The two-fold process of administrative reconstruction
The development of an autonomous administration began with
seizing of the Eastern part of the city after the departure of the regime
forces in August 2012. The civilian activists that had participated in the
organization of daily protests started then to take part in the city’s
management. Already in 2011, numerous informal networks of solidarity had
formed to support the peaceful protests. These groups, while lacking clear
structure, tried to coordinate the demonstrations and to provide some services
forbidden by the repression, such as medical care. Also, while fighting erupted
in other cities, especially in Homs or Hama, some of these networks took charge
of, fed and housed the displaced refugees in Aleppo. However the efficiency of
these first initiatives was limited by the violence of the security forces
which were arresting activists and forcing them to go underground.
With the fall of Eastern Aleppo, these local initiatives had to
face a particularly precarious context. Part of the population fled the combats,
but a number of inhabitants stayed or returned several weeks later once their
neighborhoods were liberated. The city’s access to water and electricity had
been cut by the fighting, while the schools and hospitals – systematically
targeted by the regime’s bombings – were forced to close. Winter 2012-2013 was
particularly harsh for the city’s inhabitants who lacked food and heating. The
absence of running water as well as the accumulation of trash, explain the
frequency of skin diseases and infections to which children are particularly
vulnerable. At this time, the activist networks were the only groups available
to coordinate aid and try to maintain minimal public services. In each neighborhood,
a structure, sometimes two or three, under the title of neighborhood council or
local council (majlis al-hay or majlis mahâli), emerged from the initiative of
local activists.
Side by side with this bottom-up reconstruction, the Syrian
National Coalition (al-itilâf al-watanî as-sûrî) regrouping the different components
of the Syrian opposition, was trying to rebuild a civil coordination structure
at the governorate and municipalities level. In particular, a Governorate
Revolutionary Transitory Council (al-majlis an-intiqâlî ath-thawrî
lil-muhâfaza) was charged with organizing an administration at the governorate
and city levels. Its headquarters, based in the industrial neighborhood of
Sheikh Najjar, became an administrative centre around which other institutions,
such as the Military Council of Aleppo, latched on. The latter coordinates the
different armed groups in the governorate, the new civilian police force, as
well as a radio and a television channel. However, during the winter 2013, the
Transition Council met with strong resistance by the Local Councils, which were
questioning its legitimacy, thus reflecting greater tensions at the heart of
the opposition between the activists inside and outside of Syria.
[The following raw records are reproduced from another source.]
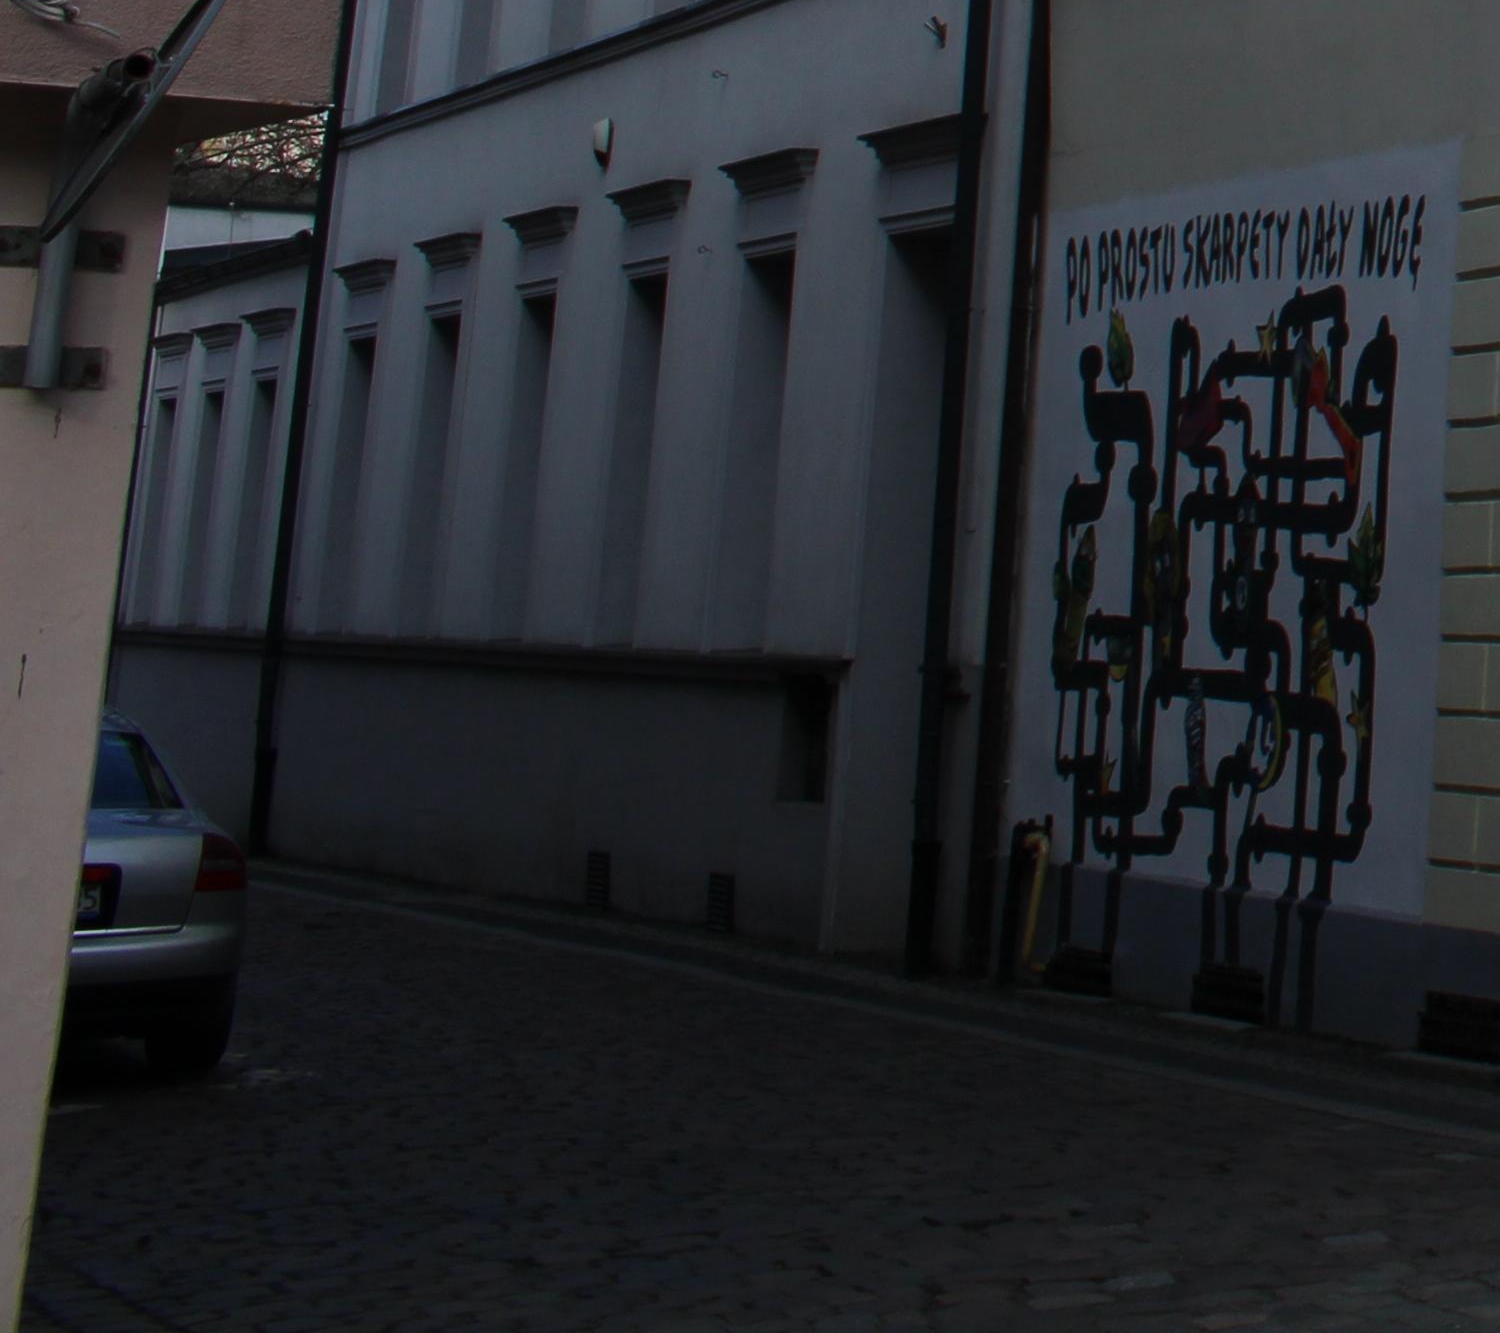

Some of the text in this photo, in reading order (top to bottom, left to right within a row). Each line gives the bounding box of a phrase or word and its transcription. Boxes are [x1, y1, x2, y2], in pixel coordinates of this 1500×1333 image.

[1065, 193, 1426, 326] PO PROSTU SKARPETY DAŁY NOGĘ
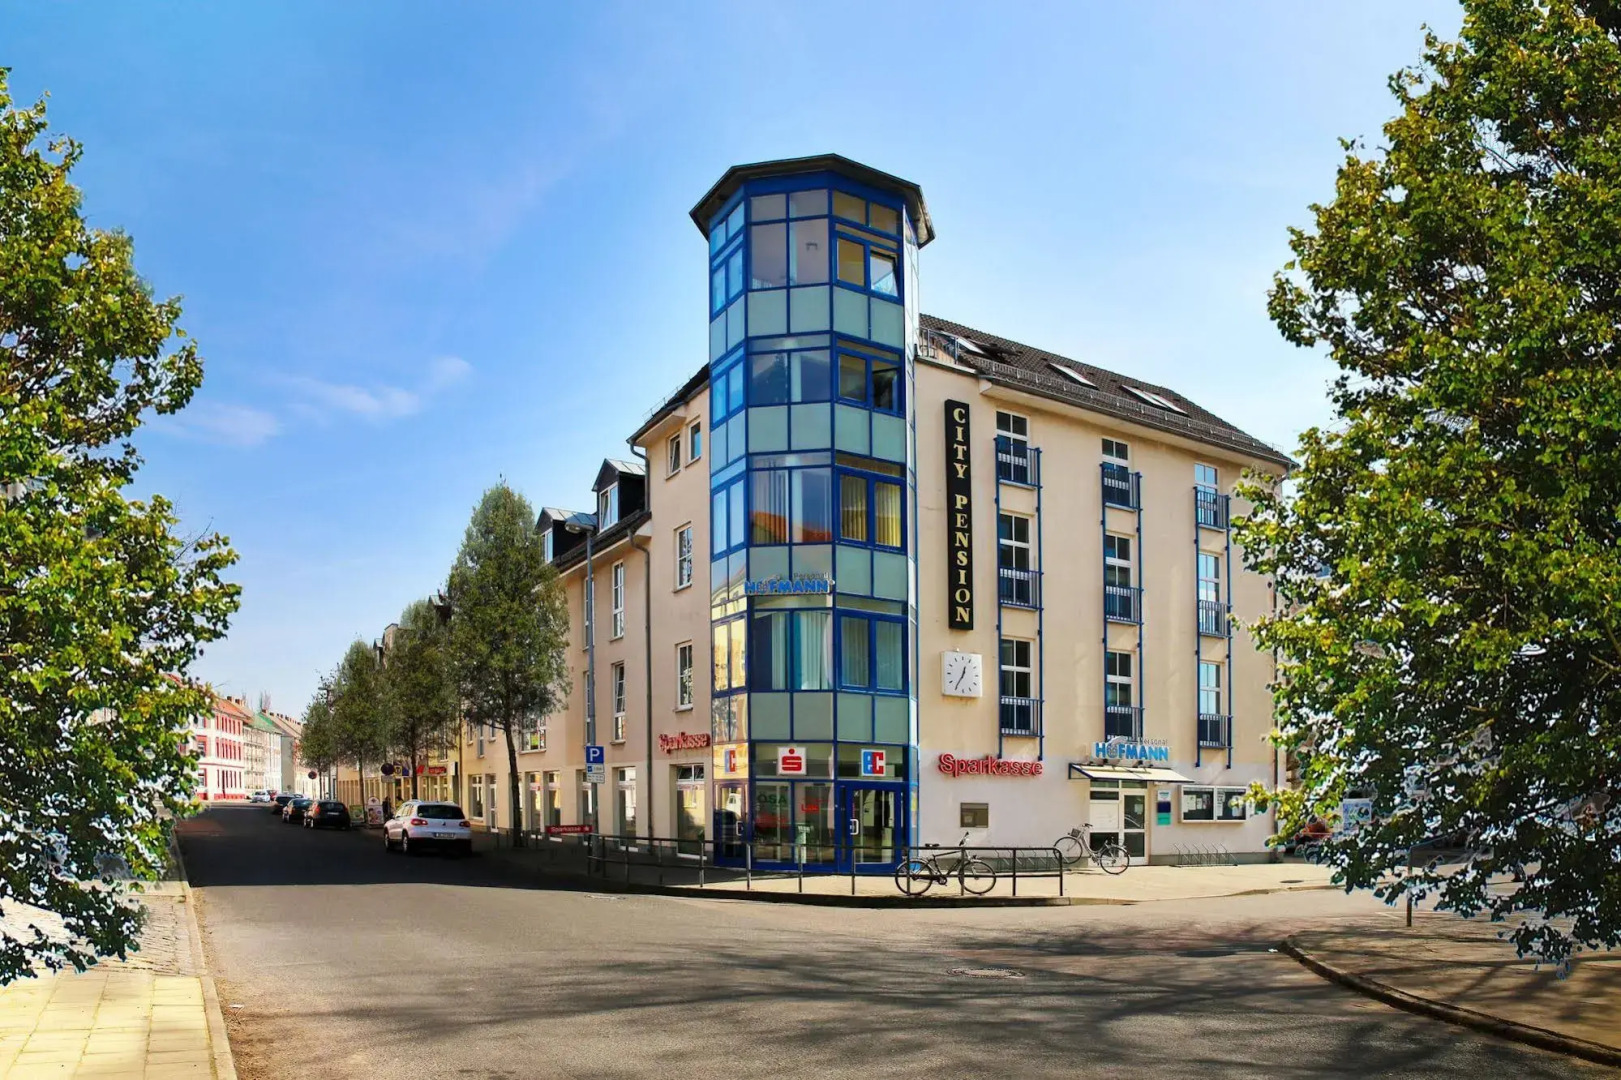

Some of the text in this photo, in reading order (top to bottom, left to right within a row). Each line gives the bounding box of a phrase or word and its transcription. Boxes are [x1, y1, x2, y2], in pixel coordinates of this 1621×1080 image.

[953, 408, 971, 624] CITY PENSION
[659, 732, 711, 754] Sparkasse
[1095, 741, 1169, 761] HOFMANN
[589, 748, 600, 762] P
[938, 753, 1043, 777] Sparkasse
In March 2013, the integration of the two processes – the
bottom-up reconstruction of local institutions and the attempt to coordinate
them from the top-down – led to the organization of elections in the city of
Gaziantep in Turkey. Taking inspiration from the experience of the neighboring
province of Idlib, consensual personalities were charged by the Coalition to
select hundreds of delegates in the parts of the governorate controlled by the
insurrection. This electoral body was then assembled from March 1 to March 5
2013, and elected the Governorate Council (majlis al-muhâfaza) and the
Municipal Council (majlis al-madîna). Mohammed Yaha Nana, a former public
servant of the city, and Ahmed Azuz, a first hour activist, were elected
respectively Governor of the province and Mayor of the city. Each one leads a
team of over a hundred workers, selected both for their professional abilities
and for their roles in activist groups. Since the spring of 2013, this effort
to form a hierarchical and centralized administration has been pursued through
the progressive holding of local elections in the 65 neighborhoods controlled
by the insurrection.
The reconstruction of this administrative apparatus results in
the rise of individuals from the middle classes, rather young men from these
residential neighborhoods of the periphery (Salaheddin, Sakhur, Hanano).
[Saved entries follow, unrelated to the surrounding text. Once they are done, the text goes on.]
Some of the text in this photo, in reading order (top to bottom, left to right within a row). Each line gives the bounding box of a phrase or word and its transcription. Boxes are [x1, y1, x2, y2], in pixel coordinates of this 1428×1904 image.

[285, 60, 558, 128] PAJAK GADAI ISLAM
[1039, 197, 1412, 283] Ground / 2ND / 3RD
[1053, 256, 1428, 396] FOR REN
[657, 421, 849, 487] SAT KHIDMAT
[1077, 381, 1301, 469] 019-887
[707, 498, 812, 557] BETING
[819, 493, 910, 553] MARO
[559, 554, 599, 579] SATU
Several women from the same background have also accessed functions that they
would never have been entitled to considering their social origin: hospital
coordinator, district mayor, members of the Education Department. As a result
of their early engagement in the opposition and their precious technical
abilities (degrees, experience in administrations) – in a context of exile of
the more educated part of the population – these men and women have become the
engine of the institutionalization process taking place in the territories
controlled by the insurgency, with Aleppo representing the most advanced
example. As a result of their social background, the members of the Aleppo
municipality are rather close to a part of the Free Syrian Army brigades, also
composed of urban middle class. The similarity of trajectories between those
two groups in the Syrian revolution explains their proximity in daily
sociability and the presence of city employees in combating units outside of
working hours. A certain gap nevertheless exists with the insurrection brigades
who hold members from the rural areas and which are accused of lacking
discipline and of imposing conservative social norms.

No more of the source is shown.